The questions I keep coming back to.

Not a publication list — the handful of problems I find genuinely worth chewing on. They're what most of my writing and building circles back to.

How do we know it's any good?

Judging an AI honestly, without fooling ourselves

It's surprisingly easy to convince yourself a model is brilliant. I care about ways of testing that survive contact with the real world — measuring what it can truly do, not what a benchmark happens to reward.

Trust
Why does it break for real people?

When AI that “works” meets messy, human input

A system can look perfect in a demo and fall apart the moment a real person uses it. I spend a lot of time in that gap — the part the tutorials quietly skip.

Reality
When is the clever version worth it?

Where extra complexity actually earns its keep

Sometimes a fancy, autonomous setup is the right call. Far more often, one clear instruction does the job.
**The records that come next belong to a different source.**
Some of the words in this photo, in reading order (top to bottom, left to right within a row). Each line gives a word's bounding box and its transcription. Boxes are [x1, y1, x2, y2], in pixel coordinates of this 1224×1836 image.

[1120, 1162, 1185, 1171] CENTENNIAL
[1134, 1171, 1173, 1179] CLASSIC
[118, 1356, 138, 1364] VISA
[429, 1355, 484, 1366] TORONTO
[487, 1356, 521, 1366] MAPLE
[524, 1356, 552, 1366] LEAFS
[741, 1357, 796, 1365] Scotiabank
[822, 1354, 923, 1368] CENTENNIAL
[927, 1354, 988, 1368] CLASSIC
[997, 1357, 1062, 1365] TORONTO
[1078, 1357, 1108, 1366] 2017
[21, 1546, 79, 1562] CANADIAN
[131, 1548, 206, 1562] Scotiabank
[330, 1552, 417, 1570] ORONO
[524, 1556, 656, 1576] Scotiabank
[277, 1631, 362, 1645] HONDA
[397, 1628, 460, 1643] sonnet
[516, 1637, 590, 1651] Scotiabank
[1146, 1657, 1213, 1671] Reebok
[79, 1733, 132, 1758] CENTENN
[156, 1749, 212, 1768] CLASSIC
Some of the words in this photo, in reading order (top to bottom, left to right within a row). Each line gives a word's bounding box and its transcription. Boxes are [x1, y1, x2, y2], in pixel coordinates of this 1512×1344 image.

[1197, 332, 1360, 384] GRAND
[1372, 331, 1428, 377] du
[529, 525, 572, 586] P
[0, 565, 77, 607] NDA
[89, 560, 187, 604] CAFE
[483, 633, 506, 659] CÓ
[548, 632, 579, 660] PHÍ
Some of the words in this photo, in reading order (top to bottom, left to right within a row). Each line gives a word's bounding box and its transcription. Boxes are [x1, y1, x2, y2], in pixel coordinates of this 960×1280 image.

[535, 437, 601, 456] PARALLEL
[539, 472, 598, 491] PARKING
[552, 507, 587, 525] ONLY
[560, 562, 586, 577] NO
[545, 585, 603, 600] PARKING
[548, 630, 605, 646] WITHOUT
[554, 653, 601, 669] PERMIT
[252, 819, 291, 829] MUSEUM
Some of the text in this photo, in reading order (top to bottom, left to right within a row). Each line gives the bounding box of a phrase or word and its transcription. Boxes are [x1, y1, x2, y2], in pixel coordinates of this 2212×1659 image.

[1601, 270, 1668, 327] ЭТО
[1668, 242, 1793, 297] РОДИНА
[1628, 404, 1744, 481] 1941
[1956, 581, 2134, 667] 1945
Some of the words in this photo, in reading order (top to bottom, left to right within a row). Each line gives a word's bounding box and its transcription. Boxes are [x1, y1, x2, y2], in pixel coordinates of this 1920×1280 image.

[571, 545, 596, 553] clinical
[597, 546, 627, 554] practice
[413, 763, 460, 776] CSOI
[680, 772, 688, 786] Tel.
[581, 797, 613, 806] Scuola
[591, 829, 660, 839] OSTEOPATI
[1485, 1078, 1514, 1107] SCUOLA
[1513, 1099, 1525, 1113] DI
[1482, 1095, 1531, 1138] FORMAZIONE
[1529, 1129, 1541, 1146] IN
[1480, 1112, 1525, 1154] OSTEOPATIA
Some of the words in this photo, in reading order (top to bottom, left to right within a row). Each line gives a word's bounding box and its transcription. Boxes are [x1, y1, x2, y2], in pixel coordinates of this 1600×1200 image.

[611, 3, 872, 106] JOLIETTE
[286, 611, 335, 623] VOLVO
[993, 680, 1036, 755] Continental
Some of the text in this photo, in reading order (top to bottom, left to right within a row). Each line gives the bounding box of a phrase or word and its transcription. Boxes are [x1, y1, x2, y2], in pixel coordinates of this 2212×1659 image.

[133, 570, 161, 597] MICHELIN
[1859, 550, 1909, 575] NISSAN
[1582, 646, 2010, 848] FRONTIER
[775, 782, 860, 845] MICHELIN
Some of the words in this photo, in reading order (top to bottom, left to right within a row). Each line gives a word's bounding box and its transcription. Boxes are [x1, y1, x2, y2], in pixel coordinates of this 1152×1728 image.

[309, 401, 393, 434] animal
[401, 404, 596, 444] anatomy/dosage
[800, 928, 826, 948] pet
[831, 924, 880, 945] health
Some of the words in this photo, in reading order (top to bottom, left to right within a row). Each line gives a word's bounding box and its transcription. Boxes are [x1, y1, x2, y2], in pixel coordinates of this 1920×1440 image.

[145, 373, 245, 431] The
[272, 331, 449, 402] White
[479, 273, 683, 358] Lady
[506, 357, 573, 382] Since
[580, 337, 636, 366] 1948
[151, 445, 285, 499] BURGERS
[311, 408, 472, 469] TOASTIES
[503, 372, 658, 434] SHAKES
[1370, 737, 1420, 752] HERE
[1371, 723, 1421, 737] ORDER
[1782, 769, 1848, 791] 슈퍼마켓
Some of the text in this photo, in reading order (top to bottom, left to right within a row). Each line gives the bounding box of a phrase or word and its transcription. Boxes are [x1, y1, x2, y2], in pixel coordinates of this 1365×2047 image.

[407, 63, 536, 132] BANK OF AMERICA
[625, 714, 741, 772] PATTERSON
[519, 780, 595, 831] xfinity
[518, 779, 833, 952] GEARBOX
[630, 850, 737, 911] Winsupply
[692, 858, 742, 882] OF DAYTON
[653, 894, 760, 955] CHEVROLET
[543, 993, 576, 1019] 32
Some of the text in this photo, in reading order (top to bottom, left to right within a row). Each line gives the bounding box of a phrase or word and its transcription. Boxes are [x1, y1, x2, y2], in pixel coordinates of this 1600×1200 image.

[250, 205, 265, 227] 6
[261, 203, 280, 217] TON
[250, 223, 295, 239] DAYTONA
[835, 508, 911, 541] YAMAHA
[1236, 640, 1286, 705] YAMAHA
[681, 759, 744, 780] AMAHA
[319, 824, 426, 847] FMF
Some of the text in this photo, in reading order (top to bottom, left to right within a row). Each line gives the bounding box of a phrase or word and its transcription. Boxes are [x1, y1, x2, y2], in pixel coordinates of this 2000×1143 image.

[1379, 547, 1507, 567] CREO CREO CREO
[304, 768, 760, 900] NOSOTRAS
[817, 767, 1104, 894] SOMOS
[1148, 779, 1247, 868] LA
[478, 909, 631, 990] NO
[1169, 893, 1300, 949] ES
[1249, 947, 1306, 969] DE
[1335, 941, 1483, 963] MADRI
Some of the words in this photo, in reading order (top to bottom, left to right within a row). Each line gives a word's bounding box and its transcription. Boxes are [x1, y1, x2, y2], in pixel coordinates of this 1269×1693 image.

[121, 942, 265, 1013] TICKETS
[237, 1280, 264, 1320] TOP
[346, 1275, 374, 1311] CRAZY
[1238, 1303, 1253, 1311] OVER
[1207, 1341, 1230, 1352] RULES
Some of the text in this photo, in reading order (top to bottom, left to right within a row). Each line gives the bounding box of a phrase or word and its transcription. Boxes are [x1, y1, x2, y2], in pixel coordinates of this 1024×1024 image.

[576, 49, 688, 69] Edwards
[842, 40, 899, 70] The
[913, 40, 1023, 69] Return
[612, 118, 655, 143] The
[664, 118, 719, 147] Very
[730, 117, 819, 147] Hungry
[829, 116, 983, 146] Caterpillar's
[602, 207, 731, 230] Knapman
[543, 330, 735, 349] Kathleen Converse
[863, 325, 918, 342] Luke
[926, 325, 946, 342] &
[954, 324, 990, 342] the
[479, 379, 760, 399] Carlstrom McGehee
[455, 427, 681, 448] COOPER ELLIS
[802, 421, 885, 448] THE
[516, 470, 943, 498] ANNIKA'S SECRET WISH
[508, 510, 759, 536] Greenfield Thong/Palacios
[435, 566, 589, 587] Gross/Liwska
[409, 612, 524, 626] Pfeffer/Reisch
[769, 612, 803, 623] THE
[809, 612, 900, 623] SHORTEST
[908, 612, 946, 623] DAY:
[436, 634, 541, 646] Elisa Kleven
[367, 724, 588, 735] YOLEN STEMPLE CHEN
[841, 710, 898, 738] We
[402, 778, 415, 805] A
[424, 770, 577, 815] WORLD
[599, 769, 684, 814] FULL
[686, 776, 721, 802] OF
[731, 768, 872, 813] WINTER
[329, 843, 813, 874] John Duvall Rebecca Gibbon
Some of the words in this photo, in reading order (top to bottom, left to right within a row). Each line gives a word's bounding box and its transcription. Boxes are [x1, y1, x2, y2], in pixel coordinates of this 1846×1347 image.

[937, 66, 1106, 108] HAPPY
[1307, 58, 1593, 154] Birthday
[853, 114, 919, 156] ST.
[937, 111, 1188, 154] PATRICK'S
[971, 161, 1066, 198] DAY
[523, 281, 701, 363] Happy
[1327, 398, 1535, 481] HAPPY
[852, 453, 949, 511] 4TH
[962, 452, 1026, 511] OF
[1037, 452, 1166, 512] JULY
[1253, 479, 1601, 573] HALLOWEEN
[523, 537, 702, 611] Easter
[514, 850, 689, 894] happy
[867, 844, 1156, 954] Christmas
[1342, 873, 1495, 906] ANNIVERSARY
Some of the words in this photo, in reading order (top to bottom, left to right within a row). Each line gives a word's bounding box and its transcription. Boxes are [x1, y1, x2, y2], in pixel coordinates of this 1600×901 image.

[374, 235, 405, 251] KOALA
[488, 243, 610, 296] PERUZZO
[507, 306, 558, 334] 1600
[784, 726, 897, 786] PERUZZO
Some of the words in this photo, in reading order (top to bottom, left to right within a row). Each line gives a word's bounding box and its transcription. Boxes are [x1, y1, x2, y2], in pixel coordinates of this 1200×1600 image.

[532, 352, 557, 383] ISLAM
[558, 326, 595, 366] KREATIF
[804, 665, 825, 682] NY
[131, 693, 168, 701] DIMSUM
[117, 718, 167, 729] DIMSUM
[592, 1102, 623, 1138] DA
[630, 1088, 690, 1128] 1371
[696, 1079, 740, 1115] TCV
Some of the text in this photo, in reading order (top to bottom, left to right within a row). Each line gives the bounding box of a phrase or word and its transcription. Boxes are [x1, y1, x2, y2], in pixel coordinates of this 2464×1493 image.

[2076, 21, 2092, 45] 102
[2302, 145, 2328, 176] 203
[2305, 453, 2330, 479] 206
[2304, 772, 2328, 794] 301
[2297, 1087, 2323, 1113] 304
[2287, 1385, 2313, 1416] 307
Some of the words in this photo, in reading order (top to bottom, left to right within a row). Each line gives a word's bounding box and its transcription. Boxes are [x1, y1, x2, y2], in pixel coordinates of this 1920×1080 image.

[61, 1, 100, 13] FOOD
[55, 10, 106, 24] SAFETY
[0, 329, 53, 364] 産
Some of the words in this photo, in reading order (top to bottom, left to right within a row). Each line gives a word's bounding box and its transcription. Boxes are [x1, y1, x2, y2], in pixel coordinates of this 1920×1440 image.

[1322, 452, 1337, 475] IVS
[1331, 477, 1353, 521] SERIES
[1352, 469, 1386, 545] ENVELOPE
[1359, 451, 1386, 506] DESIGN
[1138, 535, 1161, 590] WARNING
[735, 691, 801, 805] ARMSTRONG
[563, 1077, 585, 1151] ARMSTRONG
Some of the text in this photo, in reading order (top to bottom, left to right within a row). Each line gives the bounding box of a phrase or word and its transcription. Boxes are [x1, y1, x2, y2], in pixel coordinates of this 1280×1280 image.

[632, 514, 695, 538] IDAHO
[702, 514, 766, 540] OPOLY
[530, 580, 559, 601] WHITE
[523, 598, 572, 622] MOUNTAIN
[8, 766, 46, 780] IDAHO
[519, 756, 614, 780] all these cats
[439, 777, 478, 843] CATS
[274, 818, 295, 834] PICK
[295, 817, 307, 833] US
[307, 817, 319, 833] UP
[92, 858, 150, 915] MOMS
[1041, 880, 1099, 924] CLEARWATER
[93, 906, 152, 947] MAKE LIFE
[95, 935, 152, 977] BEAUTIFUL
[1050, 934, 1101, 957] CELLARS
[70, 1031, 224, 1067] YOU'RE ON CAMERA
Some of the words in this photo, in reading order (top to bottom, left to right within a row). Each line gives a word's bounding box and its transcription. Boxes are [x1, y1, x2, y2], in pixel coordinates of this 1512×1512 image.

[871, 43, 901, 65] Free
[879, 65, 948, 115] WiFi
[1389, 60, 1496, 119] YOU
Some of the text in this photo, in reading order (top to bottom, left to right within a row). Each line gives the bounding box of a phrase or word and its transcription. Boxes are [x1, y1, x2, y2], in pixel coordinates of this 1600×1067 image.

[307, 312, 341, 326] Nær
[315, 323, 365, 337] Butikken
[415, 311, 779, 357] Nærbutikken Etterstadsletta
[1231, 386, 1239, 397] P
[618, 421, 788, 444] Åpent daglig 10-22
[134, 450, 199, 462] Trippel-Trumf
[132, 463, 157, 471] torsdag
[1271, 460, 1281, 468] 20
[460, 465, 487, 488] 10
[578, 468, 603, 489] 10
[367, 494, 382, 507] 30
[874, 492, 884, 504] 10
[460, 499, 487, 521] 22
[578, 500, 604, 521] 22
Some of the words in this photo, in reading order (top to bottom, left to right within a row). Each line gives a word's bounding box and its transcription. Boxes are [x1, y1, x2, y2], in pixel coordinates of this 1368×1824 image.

I like figuring out which is which before building the expensive thing.

Judgment
What should a person still own?

Keeping humans accountable for what AI produces

Automating a task doesn't move the responsibility for it. I'm interested in where a person has to stay firmly in the loop — and how to design that seam so it helps rather than rubber-stamps.

Responsibility
How do we keep up without drowning?

Staying current in a field that changes every week

Most of the noise is forgettable; a little of it genuinely matters. I think a lot about how to tell the difference quickly, so the firehose never crowds out the actual work.